Translations available: Spanish

Generic name Brand name
___ amphetamine and
Adderall XR®
___  dextroamphetamine Dexedrine®
___ methamphetamine Desoxyn®
___ methylphenidate Concerta®
Ritalin LA®

How does this medicine work?

Stimulants act on parts of the brain that are responsible for attention, focus, impulse control, and hyperactivity. They are not tranquilizers or sedatives. They are used to control the symptoms of attention deficit and hyperactivity disorder (ADHD). Stimulants can help to improve problems with:

  • attention span
  • thinking before acting
  • restlessness or fidgeting
  • focusing
  • concentration
  • following directions
  • finishing tasks

Stimulants often work best when used with behavior modification at home and school.

How should I give it?

It is best to give it with food or right after a meal. Most of these medicines come in pill form.

The short-acting medicines last 3 to 4 hours, while the long-acting ones may last 8 hours or more. Some children have trouble falling asleep and may need to have their dose earlier in the day. Check with your provider.

___ For children who cannot swallow pills:

  • If it is a tablet, crush it between 2 spoons, inside a plastic bag, or in folded paper.
  • If it is a capsule, open it.
  • Mix the powder with a very small amount of soft food, such as applesauce, chocolate syrup, ice cream, jelly, or yogurt.

___ If the medicine is an extended-release product, it must be swallowed whole and not bitten.

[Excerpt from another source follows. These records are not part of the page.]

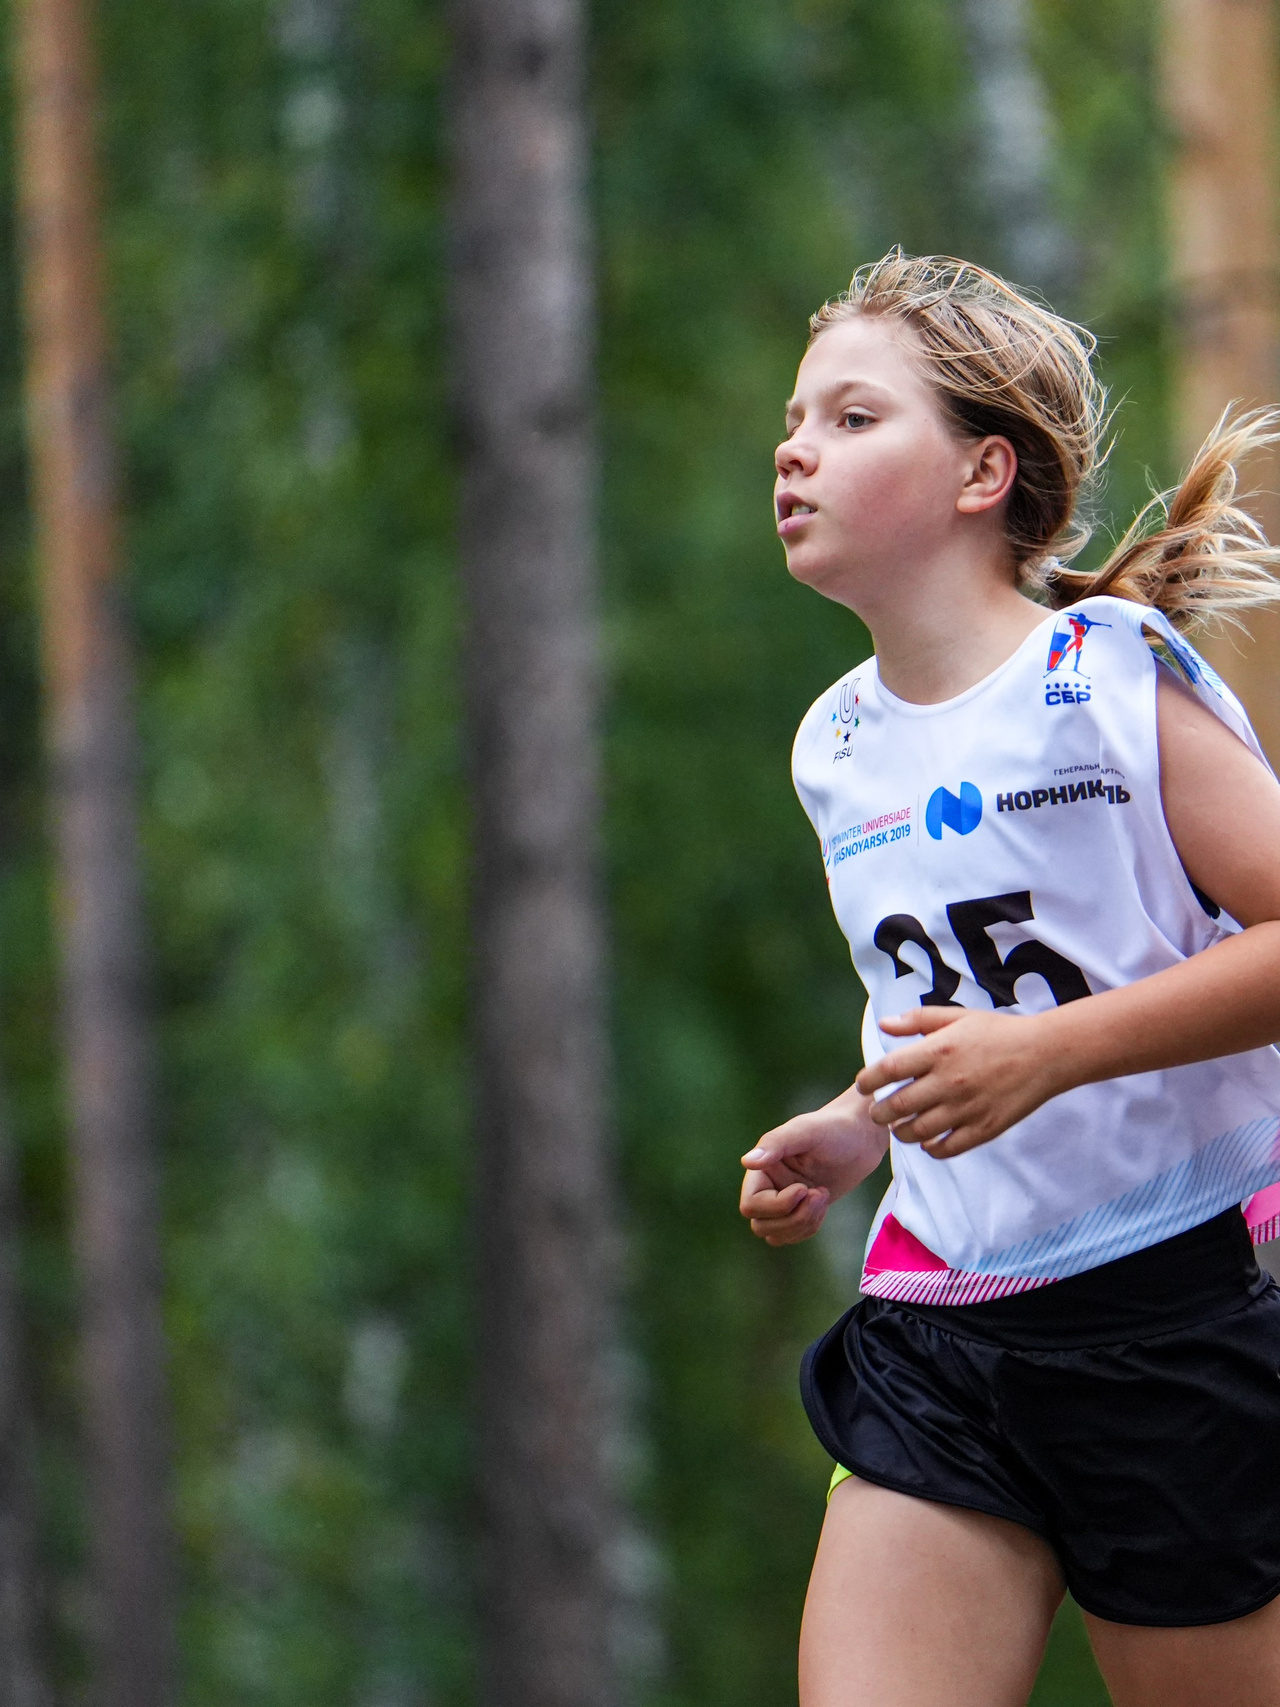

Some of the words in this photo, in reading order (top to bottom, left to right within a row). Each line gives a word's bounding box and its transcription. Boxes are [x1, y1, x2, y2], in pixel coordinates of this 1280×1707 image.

[1045, 691, 1091, 705] СБР
[1053, 763, 1100, 776] ГЕНЕРАЛЬН
[997, 779, 1131, 812] НОРНИКЛЬ
[862, 807, 911, 834] UNIVERSIADE
[890, 823, 911, 842] 2019

Adderall XR and Ritalin LA can be opened and sprinkled on applesauce or pudding.

If your child is taking Concerta, parts of a capsule may be in the bowel movements. This is normal, as the capsule may not dissolve completely after medicine is released.

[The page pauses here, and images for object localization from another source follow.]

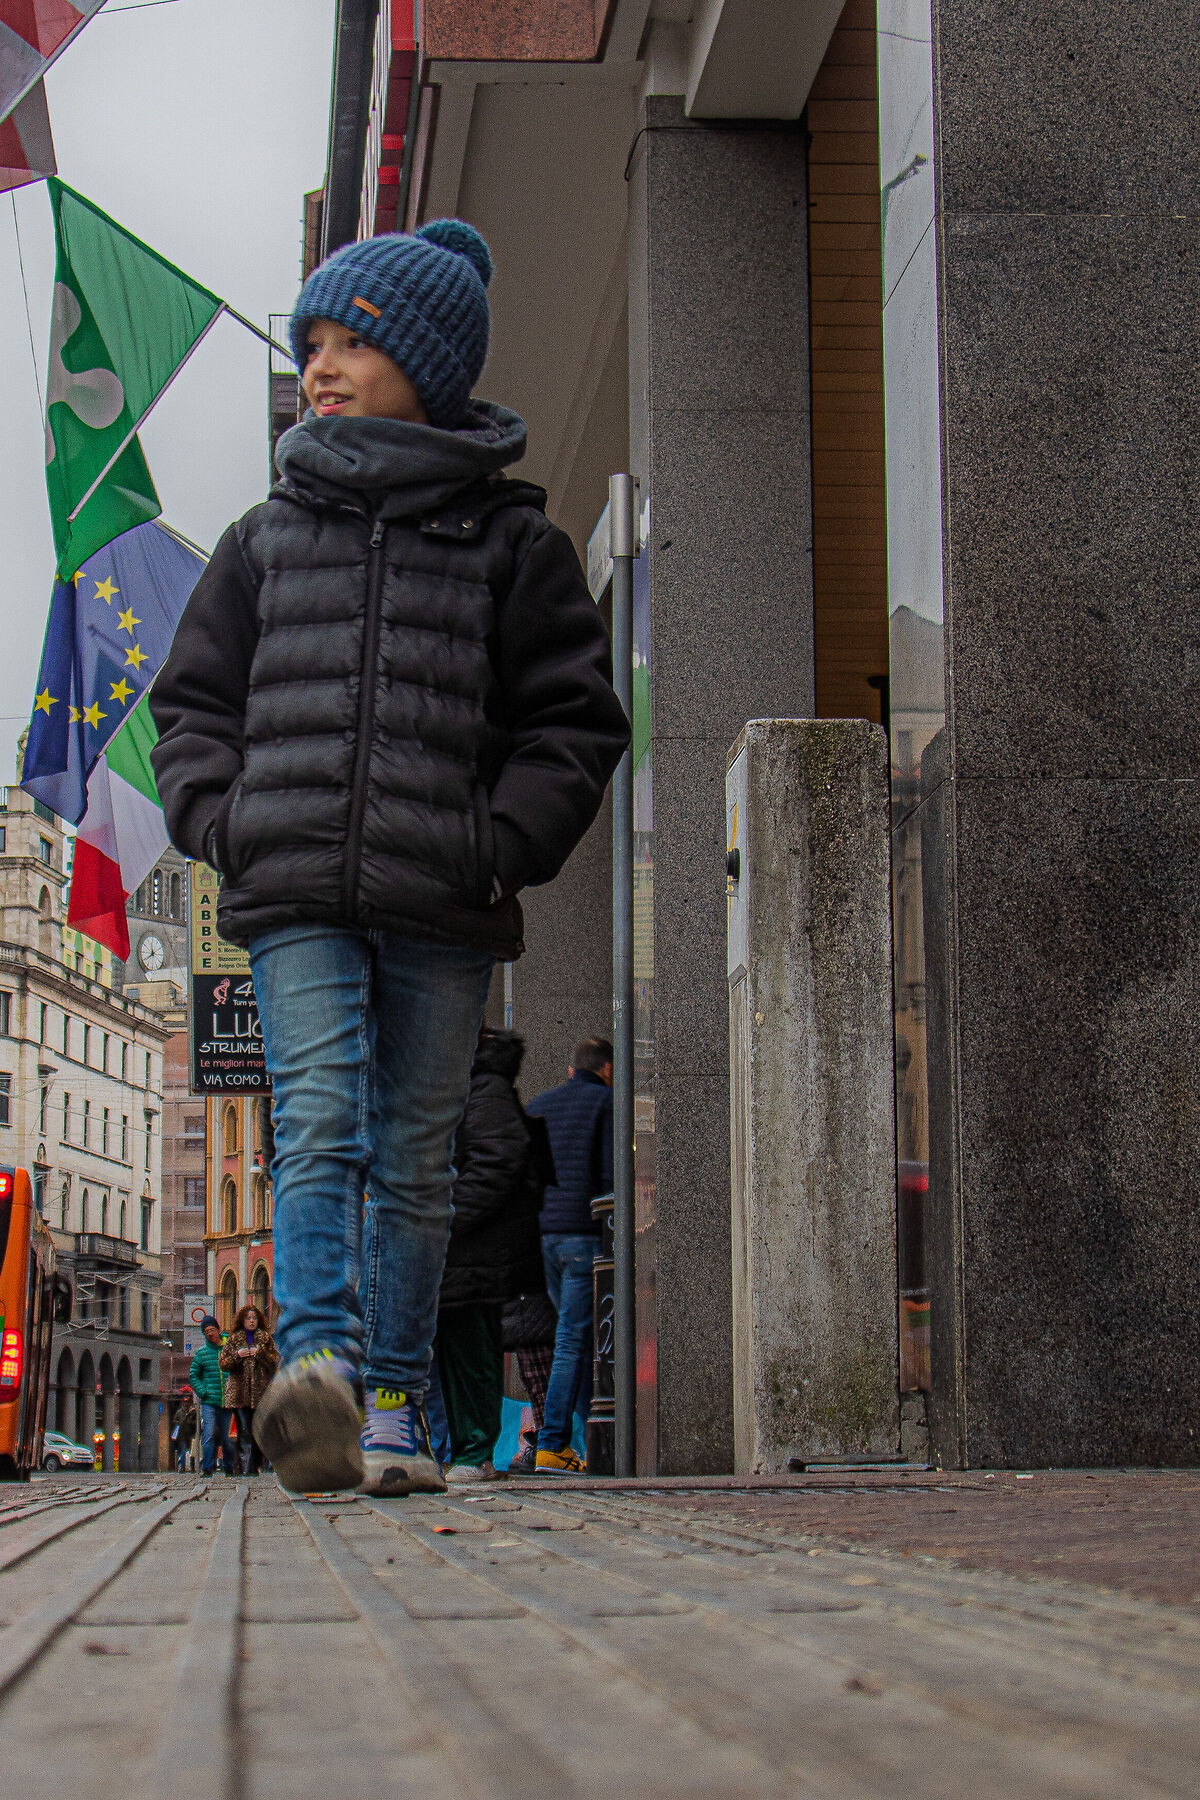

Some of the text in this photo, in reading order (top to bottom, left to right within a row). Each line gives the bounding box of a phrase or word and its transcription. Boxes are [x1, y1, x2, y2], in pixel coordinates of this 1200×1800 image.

[200, 894, 211, 905] A
[201, 910, 211, 920] B
[201, 926, 211, 936] B
[201, 942, 211, 952] C
[202, 958, 211, 968] E
[200, 1059, 210, 1068] Le
[212, 1059, 245, 1070] migliori
[203, 1074, 222, 1086] VIA
[225, 1074, 260, 1086] COMO

Are there any precautions about food or other medicines?

Check with the doctor, nurse practitioner, or pharmacist before giving any other prescription or non-prescription medicines, herbs, or vitamins.

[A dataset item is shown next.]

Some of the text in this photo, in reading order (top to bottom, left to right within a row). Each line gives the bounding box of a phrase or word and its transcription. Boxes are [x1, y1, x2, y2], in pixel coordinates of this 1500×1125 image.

What should I do if a dose is missed?

If a dose is missed, give the rest of the doses for that day at evenly spaced times. If you are unsure how to space the rest of the doses in the day, please call the clinic. If your child vomits (throws up) a dose, do not repeat the dose.

What are the side effects?


  • decreased appetite
  • trouble sleeping
  • stomachache


  • irritable (cranky)
  • emotional, crying
  • staring into space
  • loss of interest
  • weight loss
  • dizziness
  • fast heart rate
  • increased blood pressure
  • dilated pupils


  • hives
  • tics (repeated movements, such as twitching, blinking, shrugging, head tossing)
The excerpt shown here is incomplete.